A Funai confirmou a presença do povo indígena em 1999 e iniciou o processo de demarcação do território em 2001. Desde então, o território dos Kawahiva tem sido invadido por grileiros e madeireiros, recebendo apenas proteção intermitente por meio de portarias de restrição de uso.
“Os Kawahiva isolados estão sob ameaça em sua própria floresta há décadas, enquanto simplesmente tentam exercer o direito de viver como querem, sem contato”, disse Caroline Pearce, diretora da ONG Survival International, em comunicado.
Para realizar a demarcação física, os agentes da Funai abriram uma picada ao longo dos limites da terra e instalaram cerca de 140 placas em pontos estratégicos, segundo agentes da Funai ouvidos pela Mongabay.
“Aqui na nossa região, todos os donos de lotes de terra fazem isso”, disse à Mongabay Jair Candor, coordenador da Frente de Proteção Etnoambiental Madeirinha-Juruena, da Funai. “Os limites da terra são marcados abrindo-se uma picada ao redor daquele território, seja ele do homem branco ou de um indígena.”
Segundo Candor, a última invasão do território ocorreu em 2023, quando um fazendeiro desmatou entre 4 e 5 hectares da terra indígena. Ao ser abordado, o fazendeiro disse que não havia marcos que identificassem a terra indígena.
“A demarcação física serve para isso”, disse Candor. “Para que as pessoas possam identificar que ali existe uma terra indígena e um povo que a habita e precisa daquele território.”

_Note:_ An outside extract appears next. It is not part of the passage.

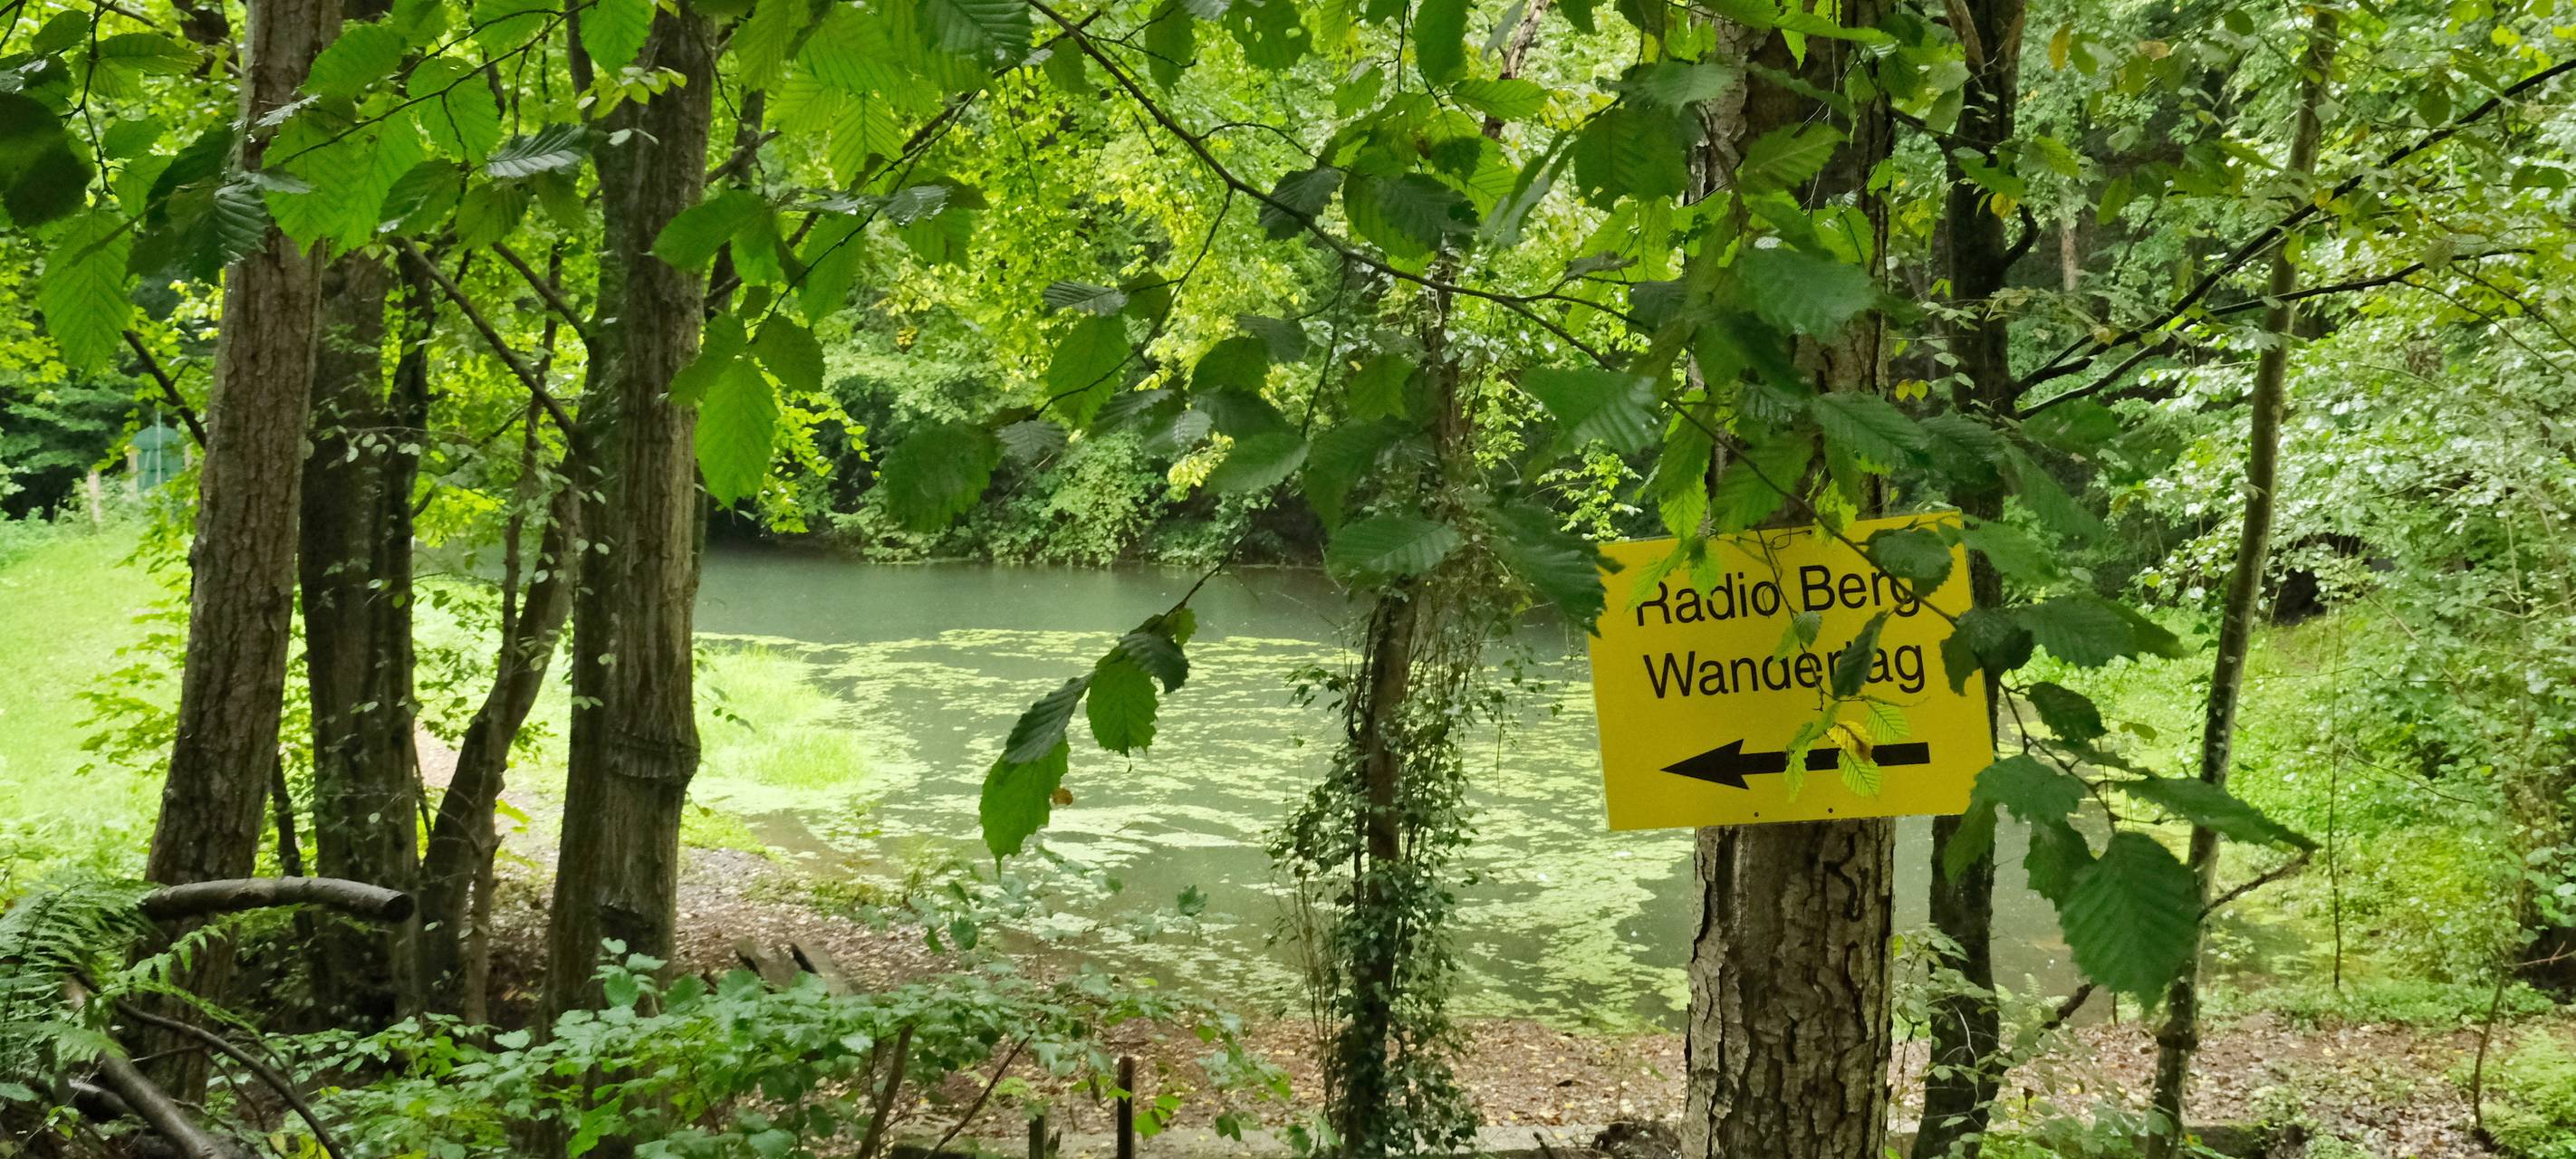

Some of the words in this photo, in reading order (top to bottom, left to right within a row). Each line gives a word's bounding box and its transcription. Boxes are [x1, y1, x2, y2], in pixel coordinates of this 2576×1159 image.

Com a conclusão da demarcação física, o processo segue para a homologação. Cabe ao presidente Luiz Inácio Lula da Silva homologar a demarcação por decreto.
A Presidência da República informou à Mongabay que o governo aguarda decisões do Supremo Tribunal Federal sobre o marco temporal — tese que toma 5 de outubro de 1988, data da promulgação da Constituição, como referência para o reconhecimento de terras indígenas — antes de avançar com novos reconhecimentos, a fim de garantir segurança jurídica.
“Se conseguirmos manter do jeito que está lá, sem invasões, eles vão ficar bem”, disse Candor. Segundo ele, expedições de monitoramento indicam que a floresta fornece caça, peixes e outras fontes de alimento suficientes para a sobrevivência dos Kawahiva. “Eles também são seres humanos e só precisam de um lugar onde possam viver em paz, como todo mundo.”